– Что у вас вовсе не предварительное расследование по подозрению в торговле людьми.
– Was denken Sie? – Ларс Огестам ответил тоже по‑немецки, на языке, которого не понимали ни Гренс, ни Сундквист, ни Херманссон.
– Я имею в виду, что речь идет максимум о самовольных действиях в отношении детей. – Бауэр остановился на пороге. – Тоже преступление, конечно, но не столь тяжкое. И без моего содействия, друг мой, обвинять вам будет некого. Не так ли?
Огестам молча, с сомнением глядел на немецкого гостя.
Эверт Гренс опять улыбнулся, еще шире. Этот немец по‑товарищески импонировал ему, редкий случай, но Бауэр сумел завоевать его симпатию.
– Кроме того, молчание, может быть, и несколько против правил, но сорок три ребенка от этого только выиграют.
Ларс Огестам по‑прежнему сомневался, искал выход, чтобы и престиж не уронить, и проявить уступчивость. Марианна Херманссон точно знала. Ей уже случалось в трудные минуты подтолкнуть прокурора к нужным решениям, не потеряв лица.
– Ларс?
– Да?
– Может, вам лучше выйти на минутку и обсудить ваши проблемы с глазу на глаз?

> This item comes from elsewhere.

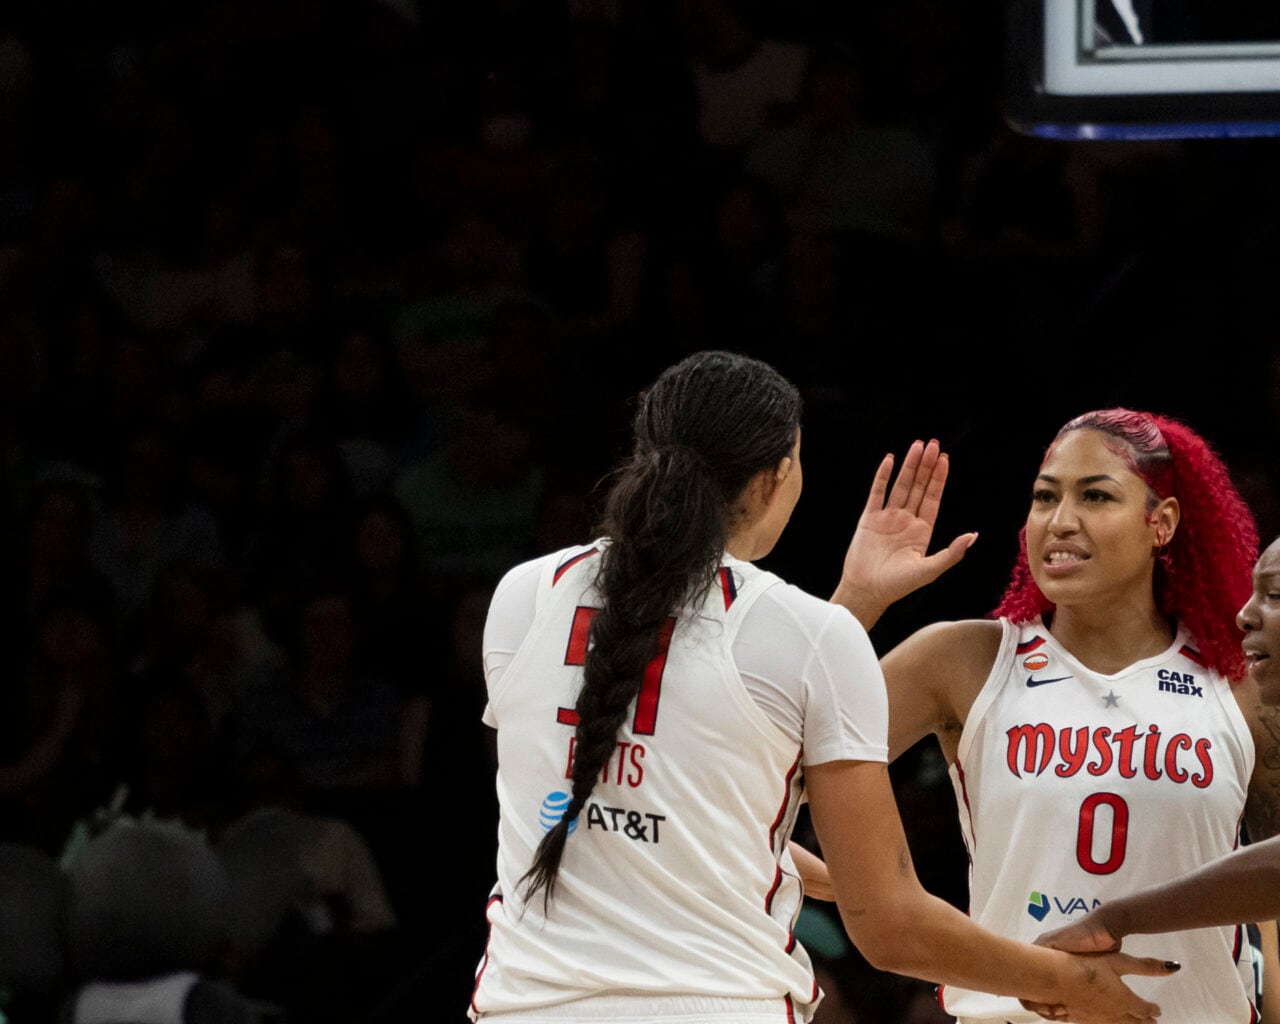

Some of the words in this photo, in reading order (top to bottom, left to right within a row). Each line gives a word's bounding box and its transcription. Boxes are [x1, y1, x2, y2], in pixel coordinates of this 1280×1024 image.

[1157, 669, 1195, 685] CAR
[1158, 680, 1203, 698] max
[587, 803, 666, 844] AT&T
[1076, 792, 1129, 875] 0

Гренс отыскал на полке за письменным столом кассету с песнями Сив и начал медленно покачиваться, когда музыка заполнила комнату. Свен Сундквист сидел на диване, дремал, мысленно встречал Юнаса после футбольной тренировки, на которую утром обещал прийти и которая давным‑давно закончилась. Марианна Херманссон нервно расхаживала взад‑вперед; это было самое крупное самостоятельное расследование, которое ей доверили, и она рассчитывала довести его до конца.
Через десять минут Огестам без стука открыл дверь и вошел, вместе с немецким комиссаром.
– Все, о чем будет говорить комиссар Бауэр, должно остаться под строжайшим секретом и не выйдет за пределы этой комнаты. Ни в коем случае.
Эверт Гренс улыбнулся в третий раз (опытный комиссар всегда победит зеленого прокурора ), выключил музыку и сел за письменный стол. Кивнул Херманссон и Бауэру и, откинувшись на спинку стула, приготовился выслушать весьма примечательную историю, в которую оказался втянут, когда полтора суток назад у него зазвонил телефон.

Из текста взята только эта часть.